Steam based heating systems introduce steam to the process either directly by injection, or indirectly through a heat transfer device. Large quantities of latent heat from steam can be transferred efficiently at a constant temperature, useful for many process heating applications. Steam based systems are predominantly for applications requiring a heat source at or below about 400°F and when low-cost fuel or byproducts for use in generating the steam are accessible. Cogeneration systems (the generation of electric power and useful waste heat in a single process) often use steam as the means to produce electric power and provide heat for additional uses. While steam serves as the medium by which heat energy is moved and delivered to a process or other usage, the actual energy source for the boiler that produces the steam can be one of several fuels, or even electricity.

FUEL

Fuel based process heating systems, through combustion of solid, liquid, or gaseous fuels, produce heat that can be transferred directly or indirectly to a process. Hot combustion gases are either placed in direct contact with the material (direct heating via convection) or routed through tubes or panels that deliver radiant heat and keep combustion gases separate from the material (indirect heating). Examples of fuel-based process heating equipment include furnaces, ovens, red heaters, kilns, melters, and high-temperature generators. The boilers producing steam that was described in the previous section are also an example of a fuel based process heating application.

ELECTRIC

Electric process heating systems also transform materials through direct and indirect means. Electric current can be applied directly to suitable materials, with the electrical resistance of the target material causing it to heat as current flows. Alternatively, high-frequency energy can be inductively coupled to some materials, resulting in indirect heating. Electric based process heating systems are used for heating, drying, curing, melting, and forming. Examples of electrically based process heating technologies include electric arc furnace technology, infrared radiation, induction heating, radio frequency drying, laser heating, and microwave processing.

HYBRID

Hybrid process heating systems utilize a combination of process heating technologies based on different energy sources or heating principles, with a design goal of optimizing energy performance and overall thermal efficiency. For example, a hybrid steam boiler may combine a fuel based boiler with an electric boiler to take advantage of access to low off-peak electricity cost. In an example of a hybrid drying system, electromagnetic energy (e.g., microwave or radio frequency) may be combined with convective hot air to accelerate drying processes; selectively targeting moisture with the penetrating electromagnetic energy can improve the speed, efficiency, and product quality as compared to a drying process based solely on convection, which can be rate limited by the thermal conductivity of the material. Optimizing the heat transfer mechanisms in hybrid systems offers a significant opportunity to reduce energy consumption, increase speed and throughput, and improve product quality.
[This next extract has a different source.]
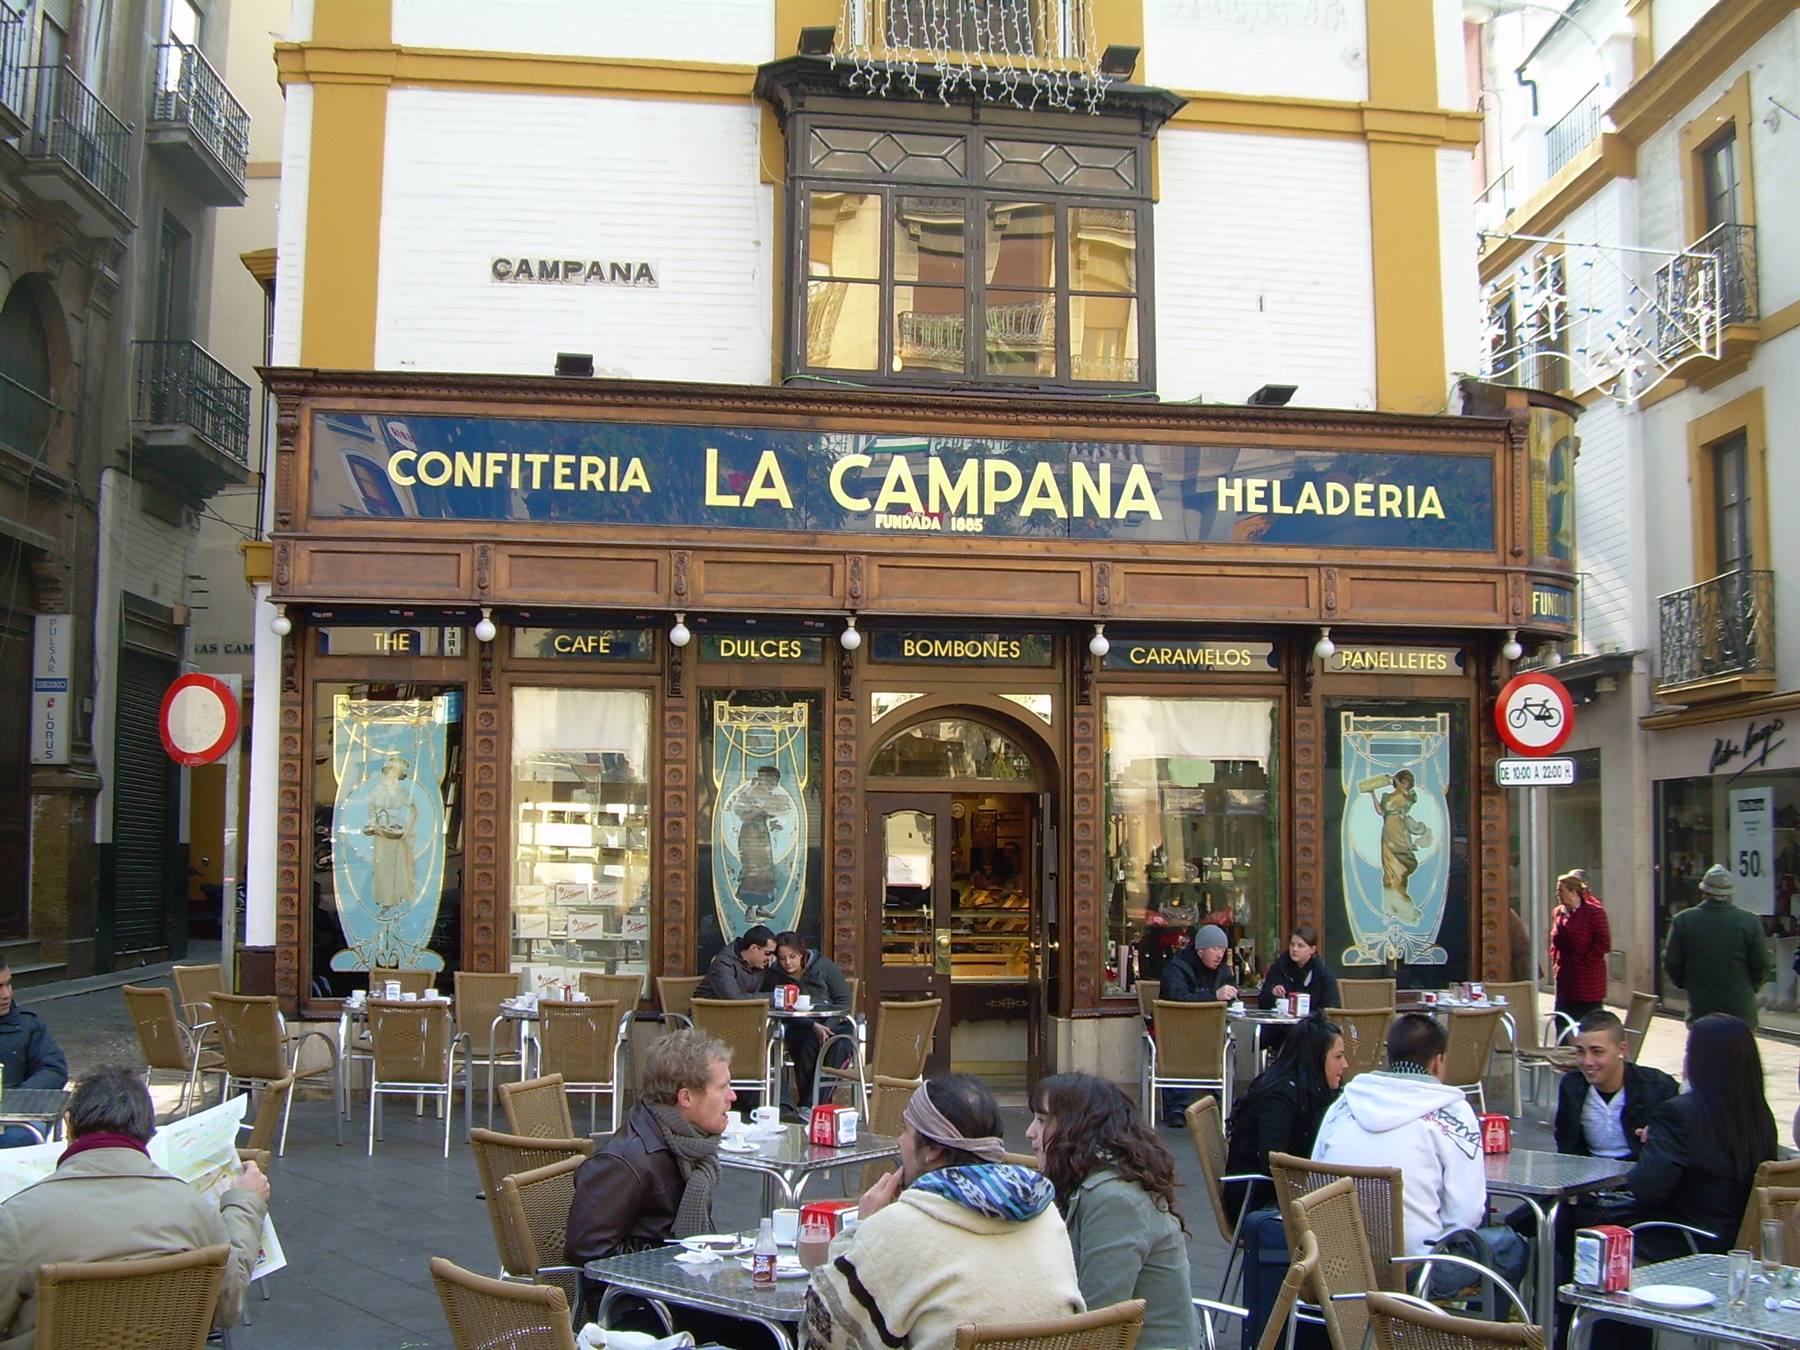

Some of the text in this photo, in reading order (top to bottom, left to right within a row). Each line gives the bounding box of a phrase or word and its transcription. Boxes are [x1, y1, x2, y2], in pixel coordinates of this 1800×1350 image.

Many heating applications, depending on scale, available energy source, and other factors may be served using one or more of the means described here. Determining the best heating method and implementation is a key element to a successful project. M.S. Jacobs and Associates specialize in electric heating applications and facets of the industrial production of steam. Share your process and project challenges with them and combine your facilities and process knowledge and experience with their product application expertise to develop effective solutions.

Tuesday, May 19, 2015

Basics of Infrared Flame Detection

flame detector
Triple IR flame detector
(courtesy if Sierra Monitor)
A flame detector is a specialized sensor used to detect and respond to the presence of a flame, and accordingly notify an operator, sound an alarm, close a fuel supply valve, shut down a pump, and turn on a fire suppression system. 

Flame detectors are fast acting and accurate, much more so than smoke or heat detectors because of the technology they employ. Some flame detectors can detect fires up to 215 feet away and be accurate enough to detect a 1 sq. foot gasoline pan at 215 feet in less than 5 seconds. 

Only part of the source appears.